▶ _TASK BRIEF_: Everything from the line containing "this 1280×1707 image." to the end of the data must be duplicated word for word, and nothing else may appear.

---------- SUPPLIED DATA ----------

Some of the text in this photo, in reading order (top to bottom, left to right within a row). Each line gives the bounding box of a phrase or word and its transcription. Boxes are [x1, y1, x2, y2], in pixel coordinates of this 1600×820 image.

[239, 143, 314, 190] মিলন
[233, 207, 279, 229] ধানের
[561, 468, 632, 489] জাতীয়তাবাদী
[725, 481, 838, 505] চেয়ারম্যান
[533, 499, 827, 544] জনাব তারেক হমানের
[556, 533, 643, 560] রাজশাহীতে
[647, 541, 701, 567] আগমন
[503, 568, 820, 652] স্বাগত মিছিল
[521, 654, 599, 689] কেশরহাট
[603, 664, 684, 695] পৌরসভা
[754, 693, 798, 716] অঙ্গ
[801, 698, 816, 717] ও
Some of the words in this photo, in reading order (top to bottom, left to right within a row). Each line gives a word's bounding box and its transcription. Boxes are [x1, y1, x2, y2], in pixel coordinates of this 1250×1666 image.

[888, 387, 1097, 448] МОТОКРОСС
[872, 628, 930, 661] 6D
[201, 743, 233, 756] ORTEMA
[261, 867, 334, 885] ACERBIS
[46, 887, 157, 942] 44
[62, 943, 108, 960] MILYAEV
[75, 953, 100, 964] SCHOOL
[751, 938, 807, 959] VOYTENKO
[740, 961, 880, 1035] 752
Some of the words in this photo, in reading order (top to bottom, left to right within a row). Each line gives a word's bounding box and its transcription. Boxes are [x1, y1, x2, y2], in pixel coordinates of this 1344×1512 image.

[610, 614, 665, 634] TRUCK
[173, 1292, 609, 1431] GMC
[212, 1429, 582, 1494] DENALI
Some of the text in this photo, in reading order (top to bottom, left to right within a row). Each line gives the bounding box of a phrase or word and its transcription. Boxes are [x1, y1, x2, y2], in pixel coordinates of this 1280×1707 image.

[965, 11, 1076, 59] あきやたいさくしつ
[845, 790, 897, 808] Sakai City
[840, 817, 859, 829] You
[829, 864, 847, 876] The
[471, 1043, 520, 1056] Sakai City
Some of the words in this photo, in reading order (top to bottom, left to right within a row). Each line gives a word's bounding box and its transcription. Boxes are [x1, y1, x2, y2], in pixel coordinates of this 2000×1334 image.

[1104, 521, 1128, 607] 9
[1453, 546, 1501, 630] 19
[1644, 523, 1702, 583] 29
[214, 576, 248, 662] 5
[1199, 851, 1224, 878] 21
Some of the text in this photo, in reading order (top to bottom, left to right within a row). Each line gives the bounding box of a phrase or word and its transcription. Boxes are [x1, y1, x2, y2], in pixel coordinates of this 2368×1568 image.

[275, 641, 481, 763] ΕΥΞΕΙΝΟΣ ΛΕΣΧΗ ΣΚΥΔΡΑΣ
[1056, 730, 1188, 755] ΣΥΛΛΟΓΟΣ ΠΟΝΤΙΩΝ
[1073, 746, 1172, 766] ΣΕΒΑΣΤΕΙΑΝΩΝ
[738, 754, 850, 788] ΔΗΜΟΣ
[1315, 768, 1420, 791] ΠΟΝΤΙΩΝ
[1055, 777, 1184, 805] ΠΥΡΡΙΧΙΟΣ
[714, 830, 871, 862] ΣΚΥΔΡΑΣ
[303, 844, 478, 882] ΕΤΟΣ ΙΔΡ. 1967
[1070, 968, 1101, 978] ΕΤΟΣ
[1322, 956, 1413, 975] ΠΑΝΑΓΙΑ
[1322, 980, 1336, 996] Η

----------

▶ _TASK OUTPUT_:
Some of the text in this photo, in reading order (top to bottom, left to right within a row). Each line gives the bounding box of a phrase or word and its transcription. Boxes are [x1, y1, x2, y2], in pixel coordinates of this 1280×1707 image.

[965, 11, 1076, 59] あきやたいさくしつ
[845, 790, 897, 808] Sakai City
[840, 817, 859, 829] You
[829, 864, 847, 876] The
[471, 1043, 520, 1056] Sakai City
Some of the words in this photo, in reading order (top to bottom, left to right within a row). Each line gives a word's bounding box and its transcription. Boxes are [x1, y1, x2, y2], in pixel coordinates of this 2000×1334 image.

[1104, 521, 1128, 607] 9
[1453, 546, 1501, 630] 19
[1644, 523, 1702, 583] 29
[214, 576, 248, 662] 5
[1199, 851, 1224, 878] 21
Some of the text in this photo, in reading order (top to bottom, left to right within a row). Each line gives the bounding box of a phrase or word and its transcription. Boxes are [x1, y1, x2, y2], in pixel coordinates of this 2368×1568 image.

[275, 641, 481, 763] ΕΥΞΕΙΝΟΣ ΛΕΣΧΗ ΣΚΥΔΡΑΣ
[1056, 730, 1188, 755] ΣΥΛΛΟΓΟΣ ΠΟΝΤΙΩΝ
[1073, 746, 1172, 766] ΣΕΒΑΣΤΕΙΑΝΩΝ
[738, 754, 850, 788] ΔΗΜΟΣ
[1315, 768, 1420, 791] ΠΟΝΤΙΩΝ
[1055, 777, 1184, 805] ΠΥΡΡΙΧΙΟΣ
[714, 830, 871, 862] ΣΚΥΔΡΑΣ
[303, 844, 478, 882] ΕΤΟΣ ΙΔΡ. 1967
[1070, 968, 1101, 978] ΕΤΟΣ
[1322, 956, 1413, 975] ΠΑΝΑΓΙΑ
[1322, 980, 1336, 996] Η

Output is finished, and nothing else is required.